From the Research
Chondroblastoma is a rare, benign cartilaginous bone tumor derived from epiphyseal chondrocytes, typically affecting the epiphysis of long bones in adolescents and young adults, with a recurrence rate of approximately 10-20% after treatment.
Key Characteristics
- It accounts for about 1% of all bone tumors and predominantly affects males between the ages of 10 and 25 years 1.
- The tumor originates from immature cartilage cells called chondroblasts and is characterized by localized pain, swelling, and sometimes joint stiffness or limited range of motion.
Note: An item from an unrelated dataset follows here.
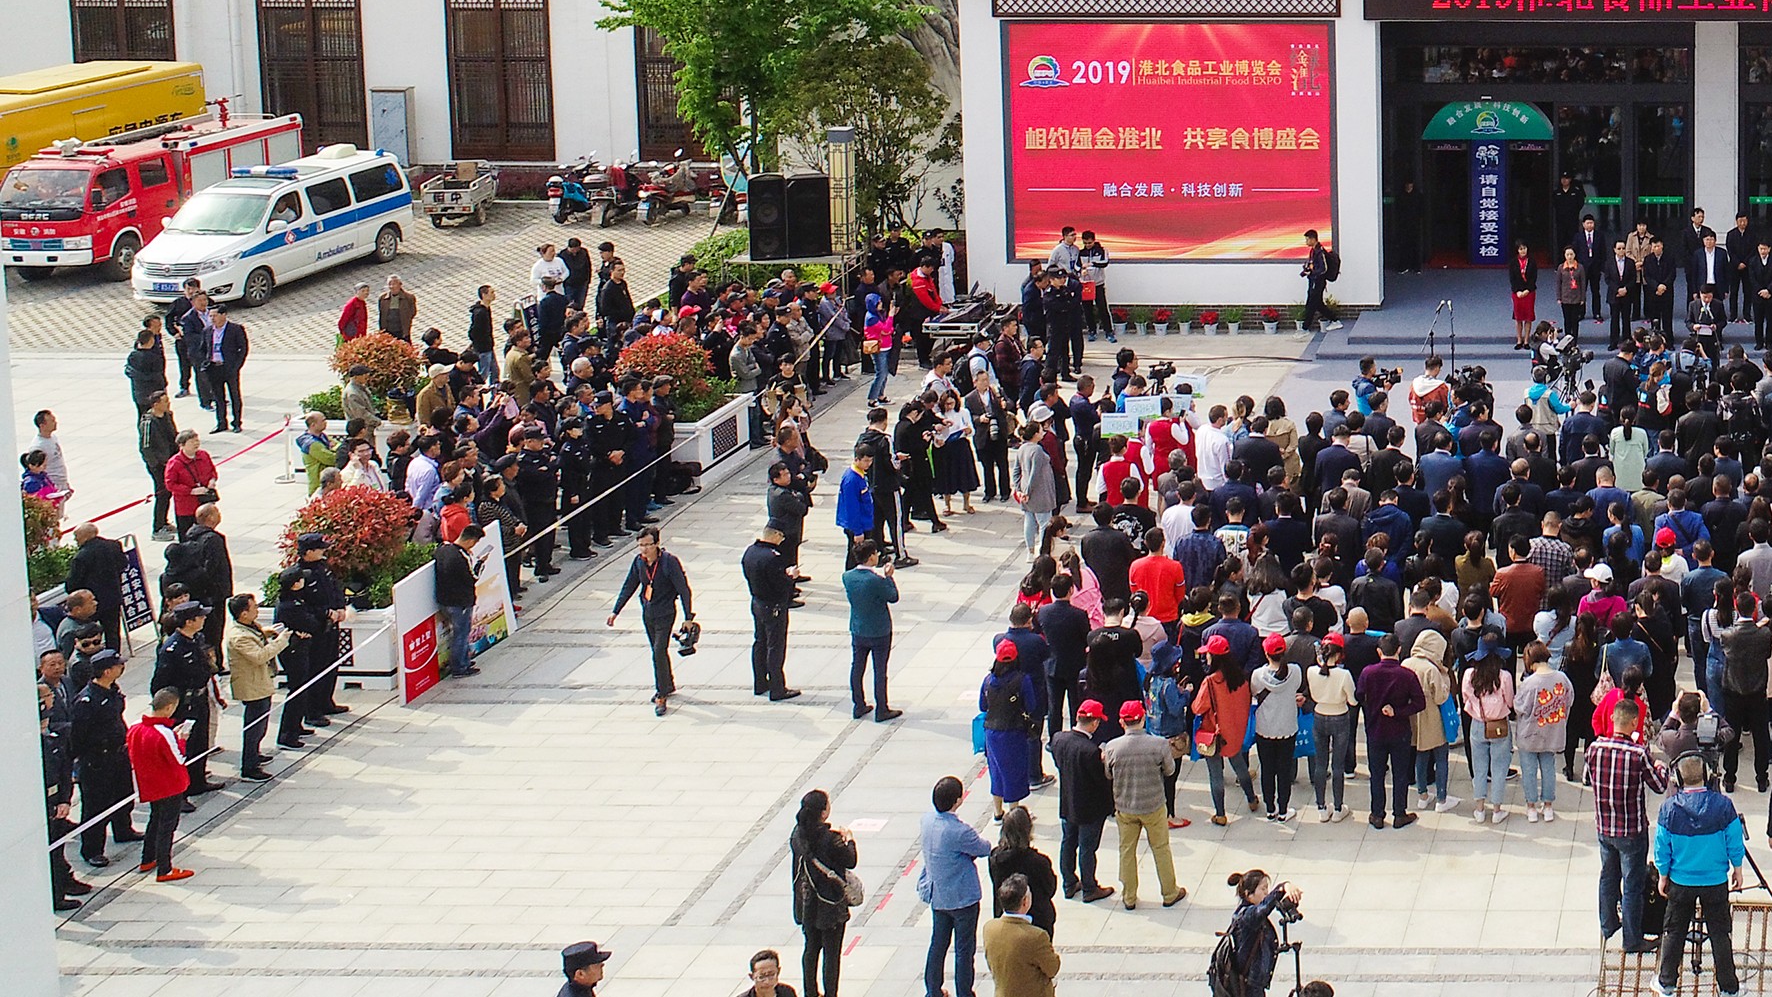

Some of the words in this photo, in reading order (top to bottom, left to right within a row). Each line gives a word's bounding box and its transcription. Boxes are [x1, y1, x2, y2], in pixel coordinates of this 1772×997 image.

- Diagnosis involves imaging studies such as X-rays, CT scans, or MRI, followed by a biopsy to confirm the presence of chondroblastoma cells.
Treatment and Outcome
- Treatment typically consists of surgical curettage and bone grafting to fill the resulting cavity, with some cases requiring additional treatments like cryotherapy or phenol application to reduce recurrence risk 1.
- Intralesional curettage plus local adjuvants can obtain satisfactory outcome for chondroblastoma, with a mean Musculoskeletal Tumor Society (MSTS) score of 29.4 and no pulmonary metastasis or death associated with the disease at the last follow-up 1.
- The recurrence rate is approximately 4.3%, with a local recurrence-free survival rate of 97.7%, 96.2%, and 93.9% at one, two, and five years, respectively 1.
Important Considerations
- Early diagnosis and complete removal are important to prevent joint damage and reduce the risk of recurrence.
- Chondroblastoma can be locally aggressive, and its treatment should be strictly surgical, with a view to counteract the propagation into the joint or adjacent soft tissue, and diminish the recurrence rate 2.